Exercise: Your answer must be the full listing below, restated word for word, with no pictures in it.

Stored data:
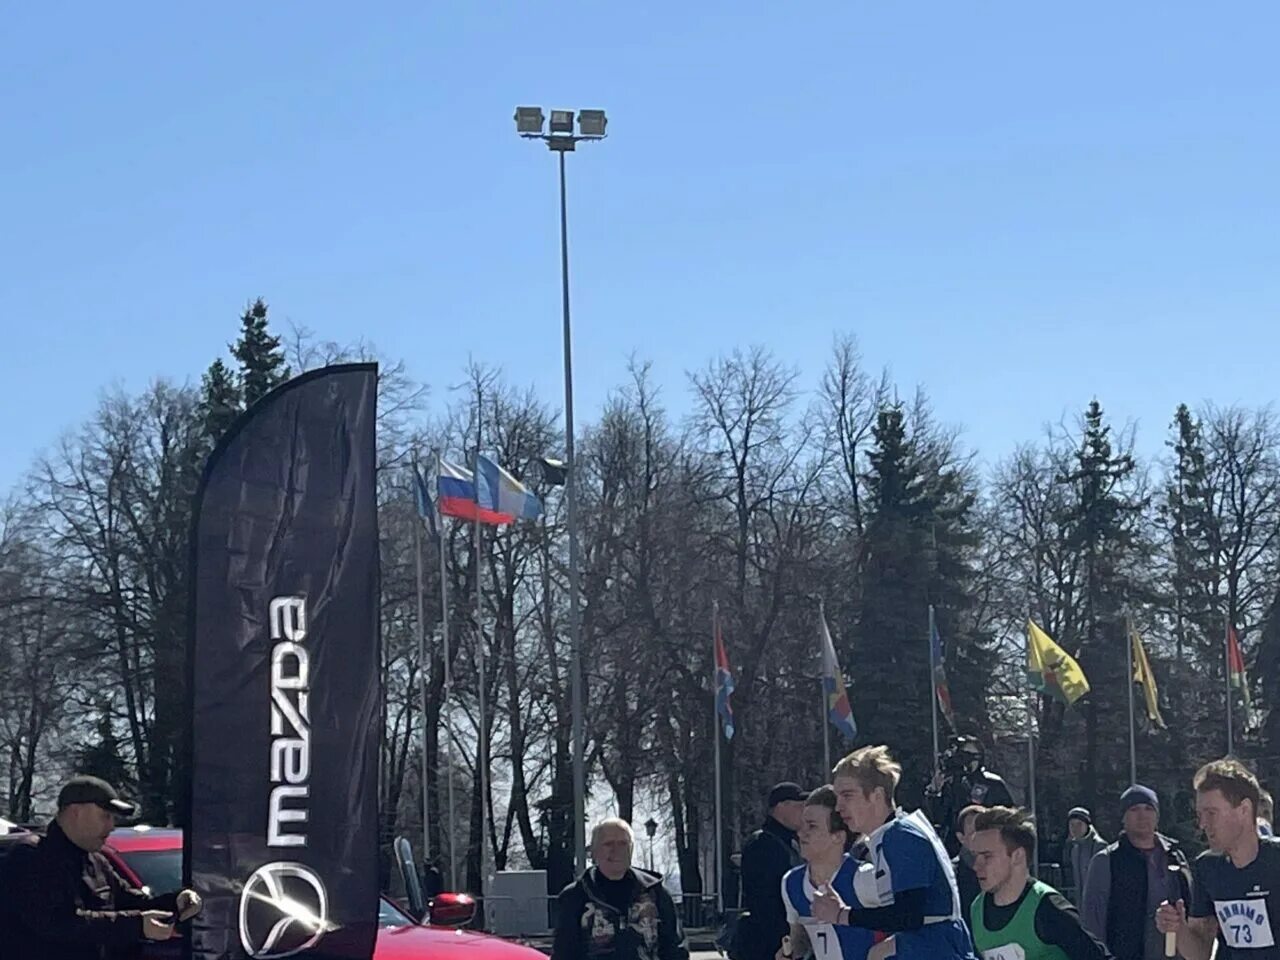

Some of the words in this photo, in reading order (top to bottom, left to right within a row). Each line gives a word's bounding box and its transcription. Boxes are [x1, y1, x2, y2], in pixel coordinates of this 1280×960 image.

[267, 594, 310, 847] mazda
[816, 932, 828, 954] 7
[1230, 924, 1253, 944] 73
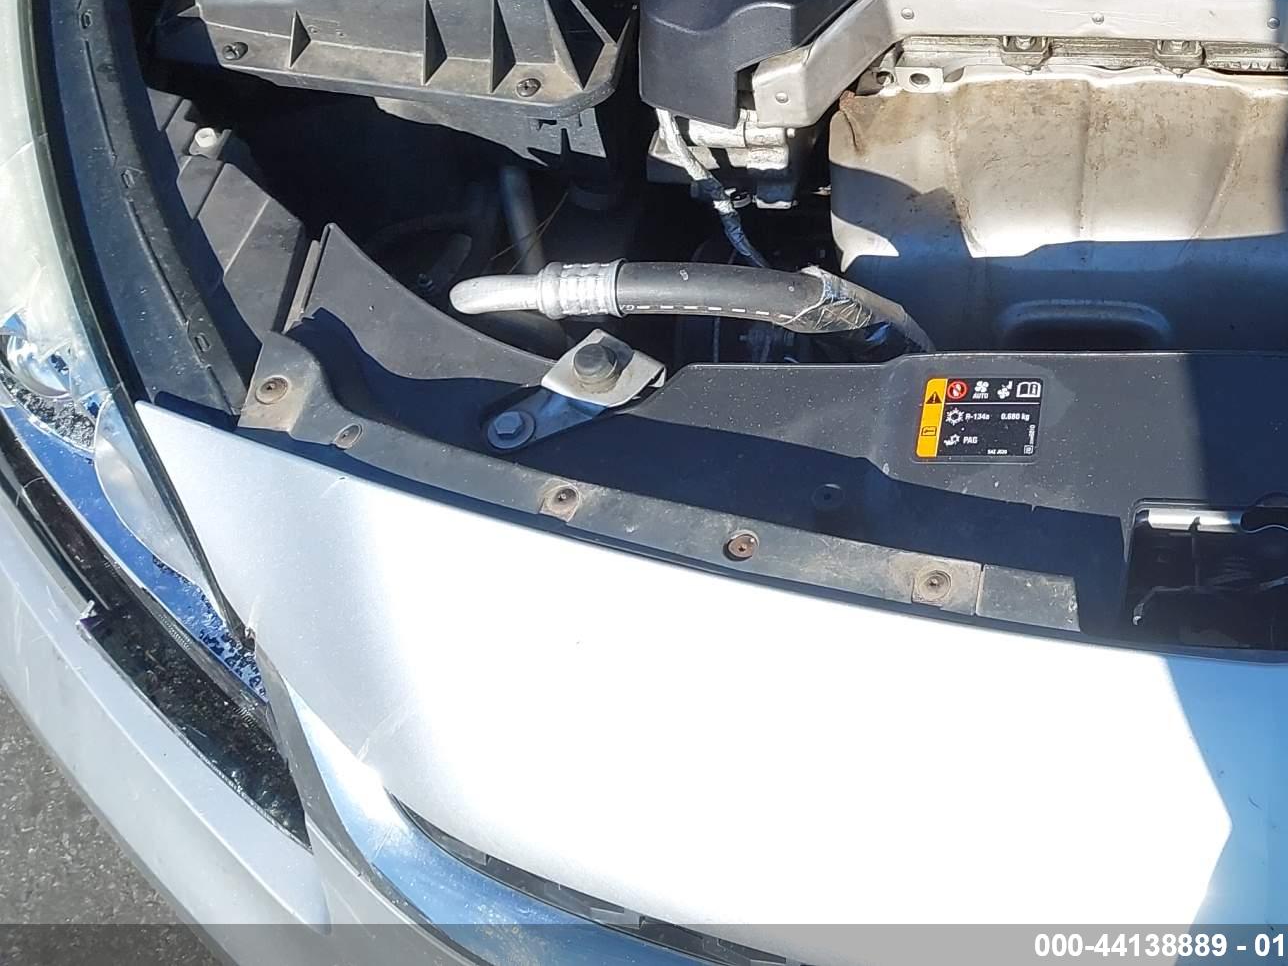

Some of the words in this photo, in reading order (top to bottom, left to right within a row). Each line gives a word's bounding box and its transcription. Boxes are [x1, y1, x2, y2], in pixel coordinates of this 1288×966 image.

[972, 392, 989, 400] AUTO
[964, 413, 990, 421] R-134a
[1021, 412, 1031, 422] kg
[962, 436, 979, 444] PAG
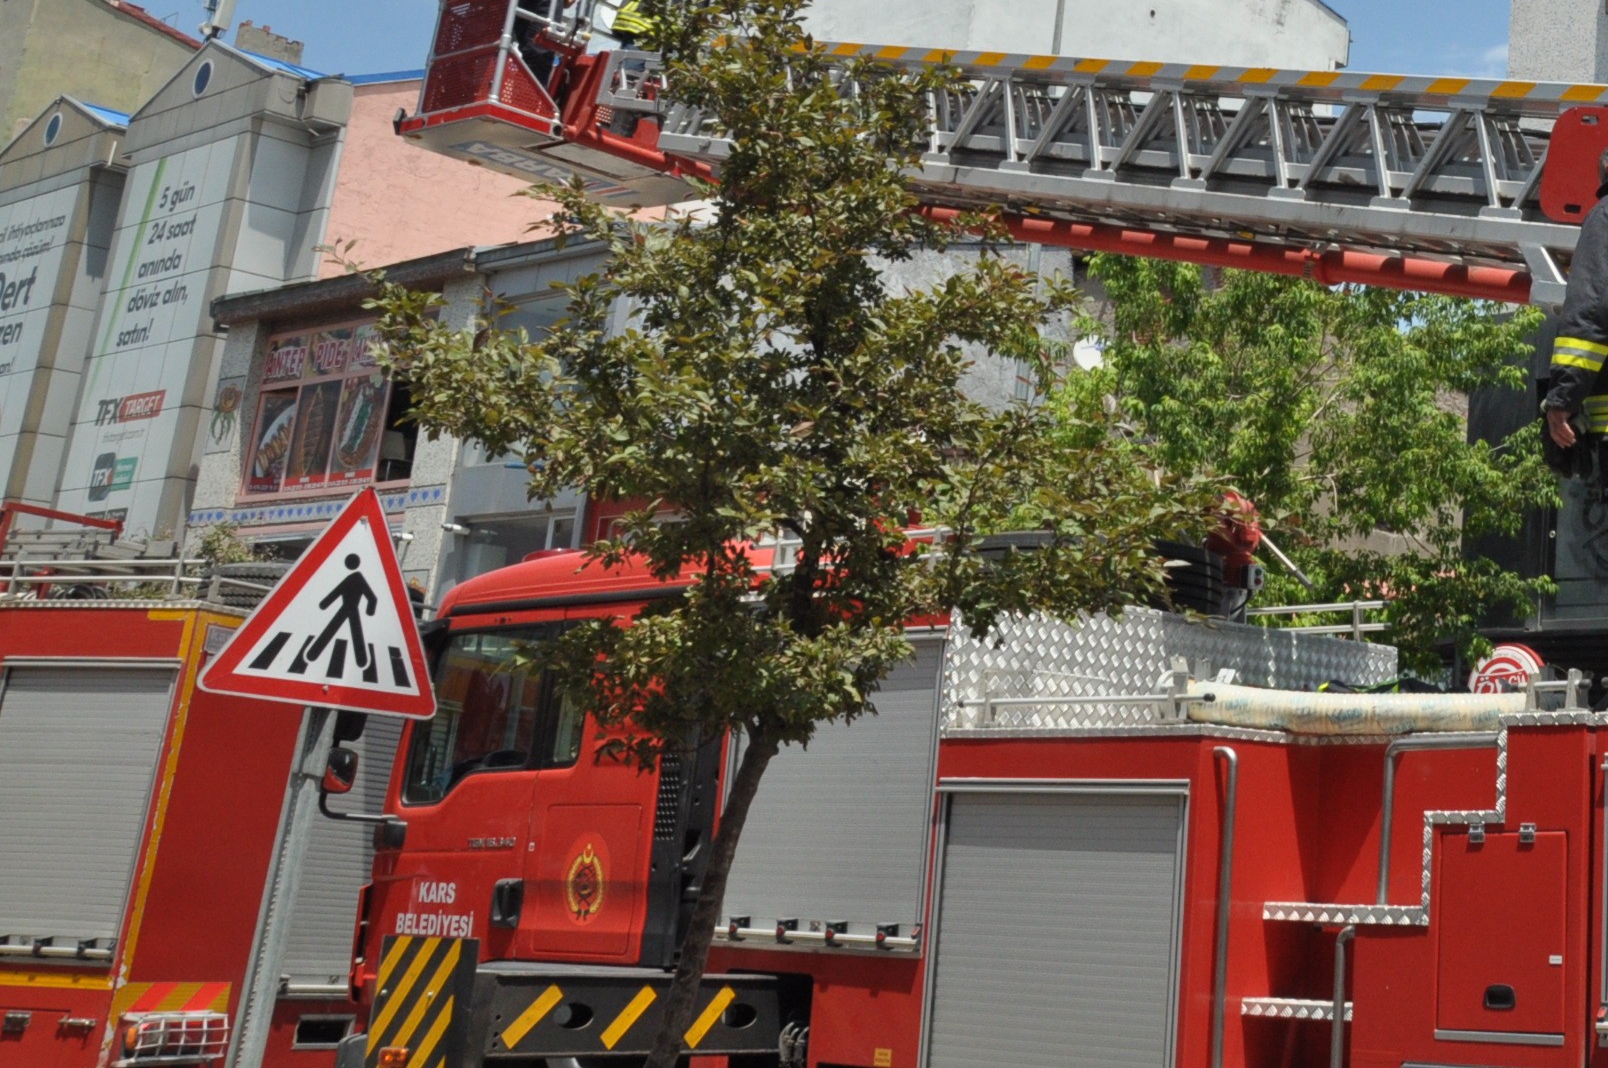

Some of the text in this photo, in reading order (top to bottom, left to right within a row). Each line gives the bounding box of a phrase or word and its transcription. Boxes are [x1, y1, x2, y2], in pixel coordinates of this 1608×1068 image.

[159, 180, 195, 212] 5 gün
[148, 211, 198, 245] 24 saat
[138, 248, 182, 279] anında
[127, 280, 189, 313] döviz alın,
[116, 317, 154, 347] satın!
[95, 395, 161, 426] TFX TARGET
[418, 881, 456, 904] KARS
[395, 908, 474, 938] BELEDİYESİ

Exercise response:
Some of the words in this photo, in reading order (top to bottom, left to right within a row). Each line gives a word's bounding box and its transcription. Boxes are [x1, y1, x2, y2], in pixel coordinates of this 1280×960 image.

[267, 594, 310, 847] mazda
[816, 932, 828, 954] 7
[1230, 924, 1253, 944] 73

Some of the words in this photo, in reading order (top to bottom, left to right within a row). Each line gives a word's bounding box and its transcription. Boxes are [x1, y1, x2, y2], in pixel coordinates of this 1288×966 image.

[972, 392, 989, 400] AUTO
[964, 413, 990, 421] R-134a
[1021, 412, 1031, 422] kg
[962, 436, 979, 444] PAG

Some of the text in this photo, in reading order (top to bottom, left to right within a row). Each line gives the bounding box of a phrase or word and its transcription. Boxes are [x1, y1, x2, y2], in pixel coordinates of this 1608×1068 image.

[159, 180, 195, 212] 5 gün
[148, 211, 198, 245] 24 saat
[138, 248, 182, 279] anında
[127, 280, 189, 313] döviz alın,
[116, 317, 154, 347] satın!
[95, 395, 161, 426] TFX TARGET
[418, 881, 456, 904] KARS
[395, 908, 474, 938] BELEDİYESİ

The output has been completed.